También Pérez González sabía de cargar cajas llenas de libros. Pancho, como le llamaban sus amigos, se instalaba cada mañana, a principios de los años cincuenta, con un modesto puesto de libros en el vestíbulo de la sede de la Universidad Internacional Ménendez Pelayo. El librero, que murió en octubre pasado, llegó a ver cómo se cerraba el círculo, cuando un año antes de morir, dicha universidad lo nombraba doctor honoris causa. Por entonces, la empresa que estos dos españoles emprendedores habían fundado, vendía 117 millones de libros en todo el mundo.
Los dos libreros se habían conocido una comida, a la que siguió una conversación de siete horas. Fruto de esa conversación fue la fundación en diciembre de 1960 de Santillana, que en 2000 se integró en el Grupo PRISA. Para conmemorar su cincuentenario, la editorial realizó ayer un acto celebratorio en la Casa de América de Madrid, presidido por los príncipes de Asturias, donde participaron el escritor Javier Marías, José Manuel Blecua (director de la Real Academia Española) Paulo Renato de Souza (ex ministro de Educación de Brasil), y Emiliano Martínez, actual presidente del Grupo Santillana.
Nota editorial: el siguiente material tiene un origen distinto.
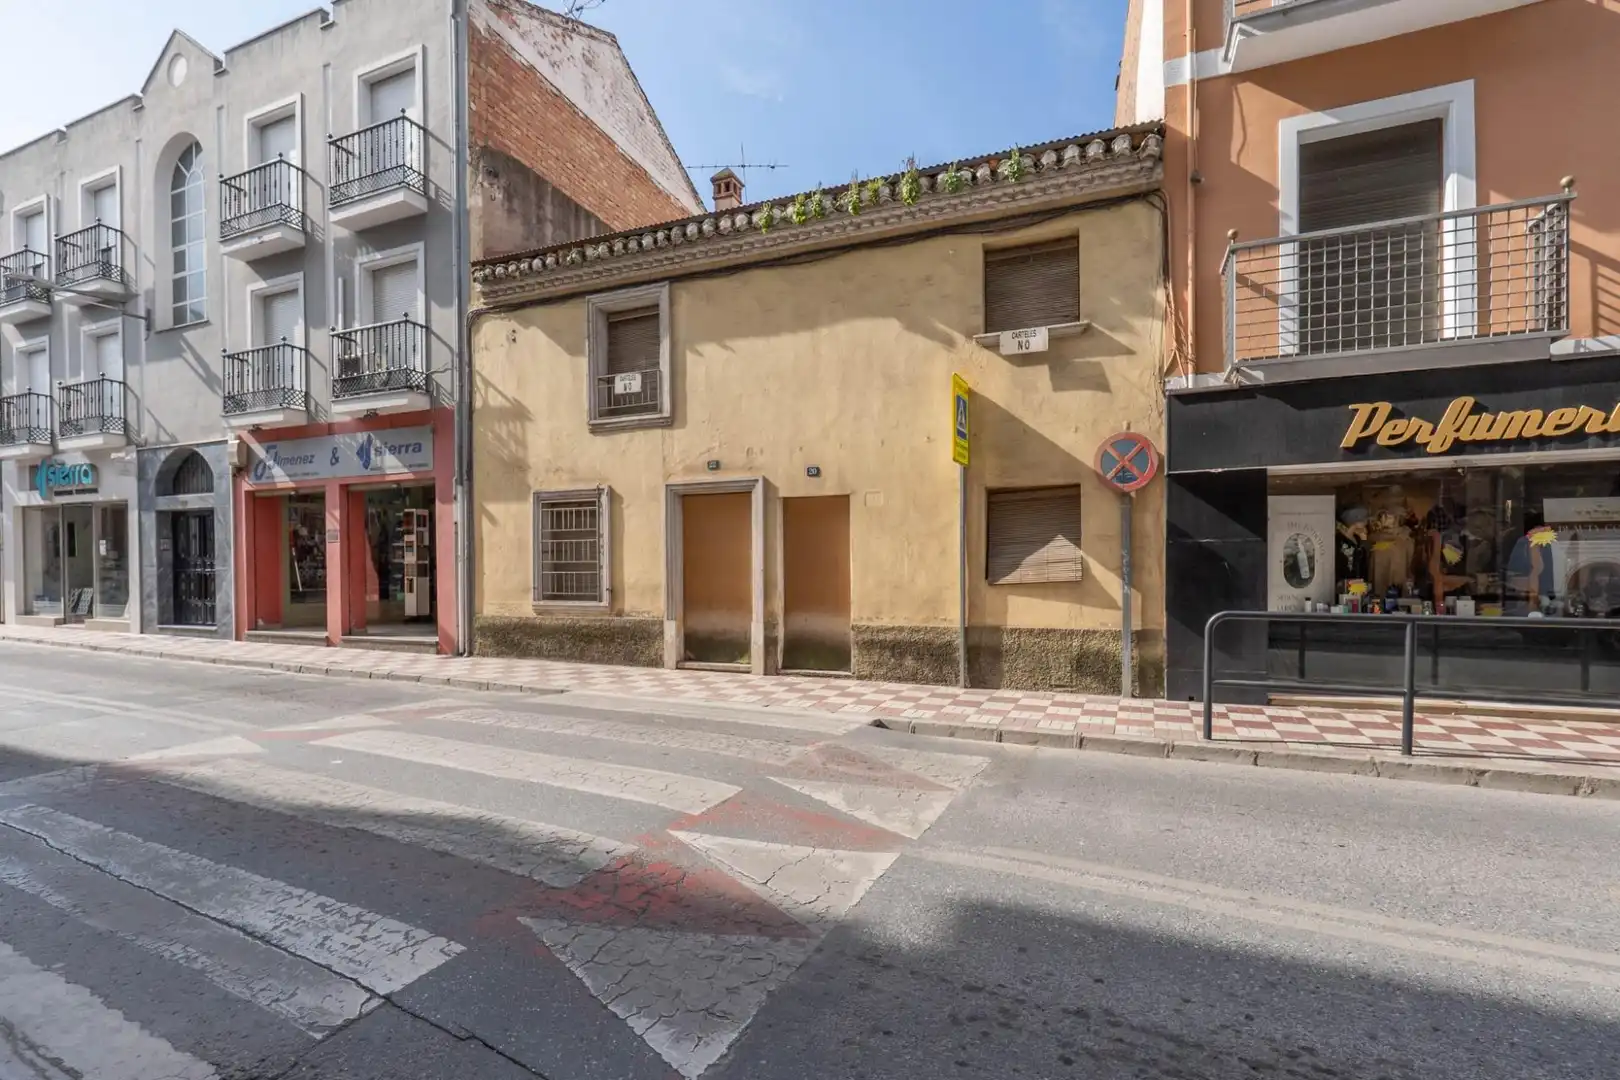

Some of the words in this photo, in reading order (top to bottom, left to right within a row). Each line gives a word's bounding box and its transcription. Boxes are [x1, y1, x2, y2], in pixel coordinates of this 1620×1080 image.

[1011, 329, 1037, 340] CARTELES
[1017, 340, 1031, 351] NO
[329, 446, 340, 466] &
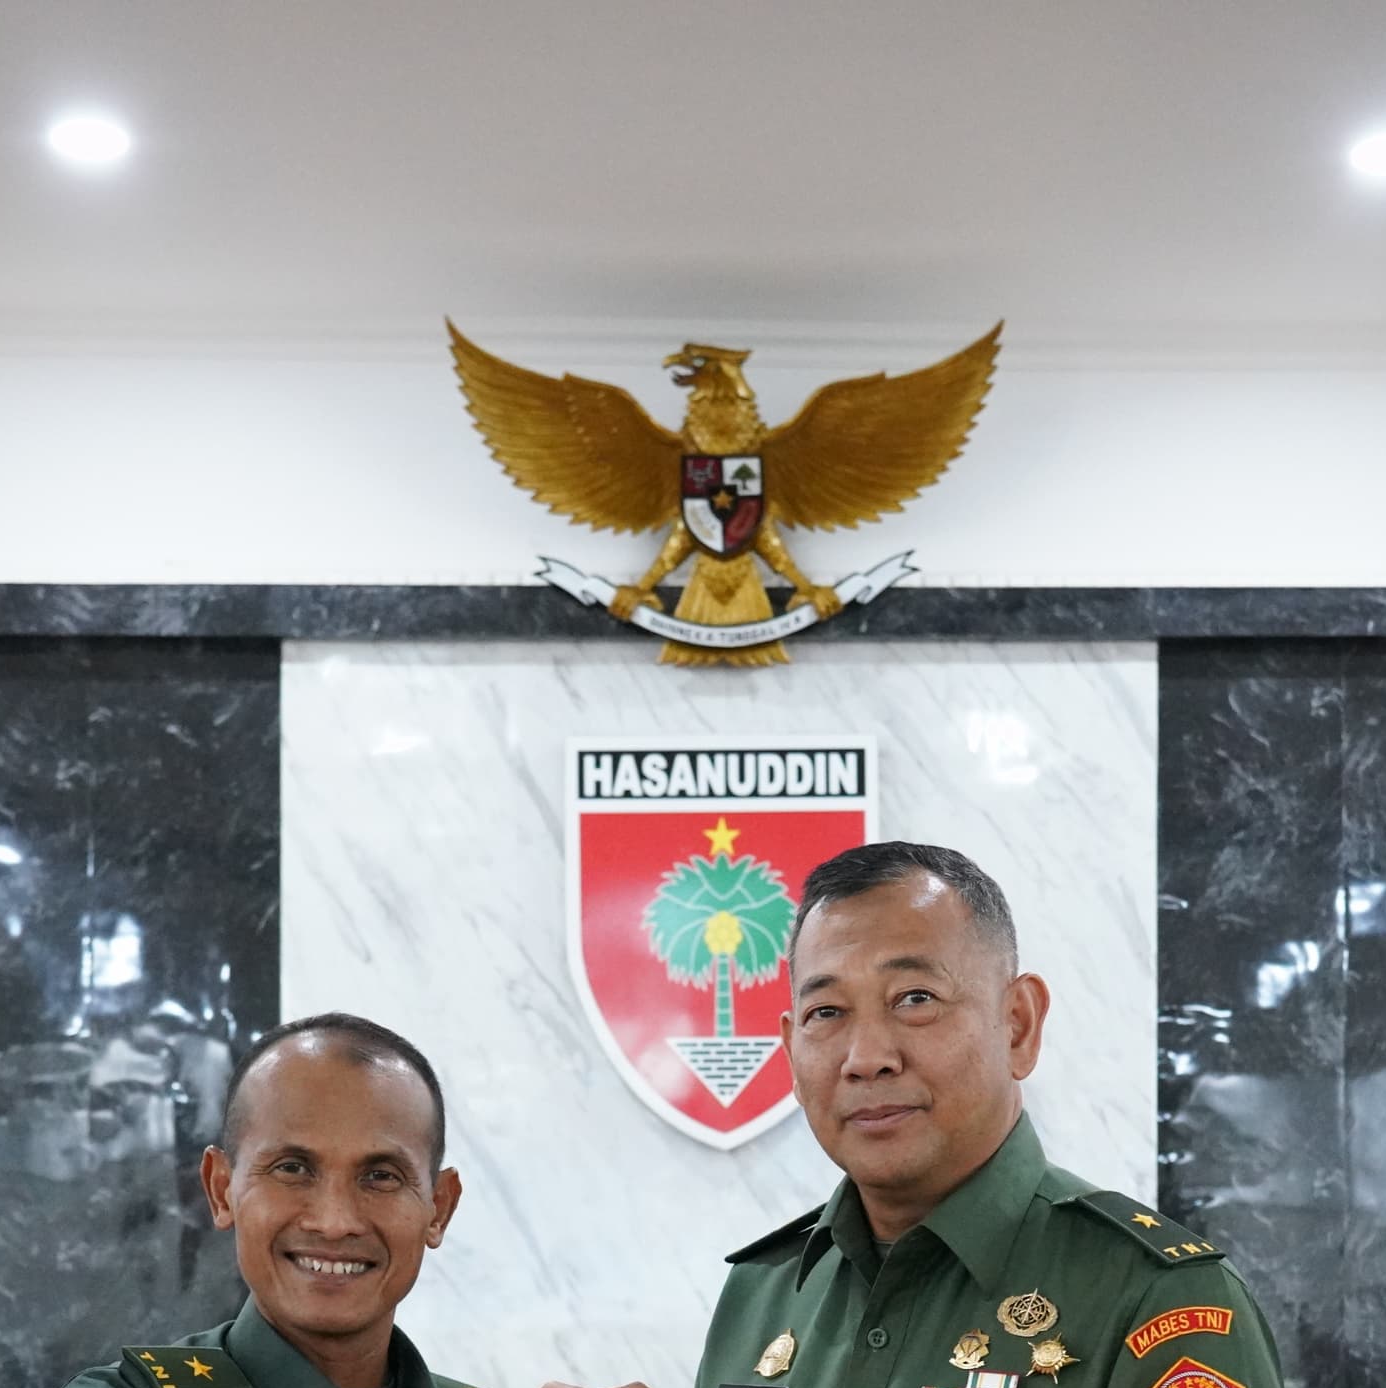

Martínez era joven cuando empezó a redactar manuales de alfabetización de adultos para el sello que, con el tiempo, dio lugar al conglomerado editorial que ahora preside. Por entonces, 1965, la empresa tenía en nómina a menos de 30 personas, aproximadamente las que ahora trabajan en su sede de Bolivia. "Polanco decía que había que tener siempre la maleta hecha", recuerda siempre Martínez.
Profesor de pedagogía experimental, el directivo considera que la temprana vocación americana del grupo sirvió para oxigenar el modo de publicar en España, sometida al franquismo. Un día le preguntaron si quería conocer Buenos Aires y allá se fue. En Argentina, un polo editorial de primer orden, descubrió que se podía editar de una manera más didáctica y abierta.
Con esa mirada amplia, el grupo empezó a crecer. A la compra de la mítica editorial Aguilar (fundada en 1923 y campeona de las obras completas) se sumó en 1976 la incorporación de Taurus, fundada una veintena de años atrás por el propio Pérez González. Otro de los hitos de las ediciones generales de Santillana llegaría con la compra en 1980 de Alfaguara, fundada en 1964 por Jorge y Camilo José Cela.
En medio siglo de vida, la casa editorial ha publicado los trabajos de más de un Premio Nobel (José Saramago, Günter Grass, Vargas Llosa), ha creado el Premio Alfaguara de Novela (en 1998) y el Premio Isabel Polanco de Ensayo (2009), entre otros hitos. Ahora, para festejar publicando, lanza una edición especial, diseñada por Manuel Estrada, de El viaje del elefante, de José Saramago.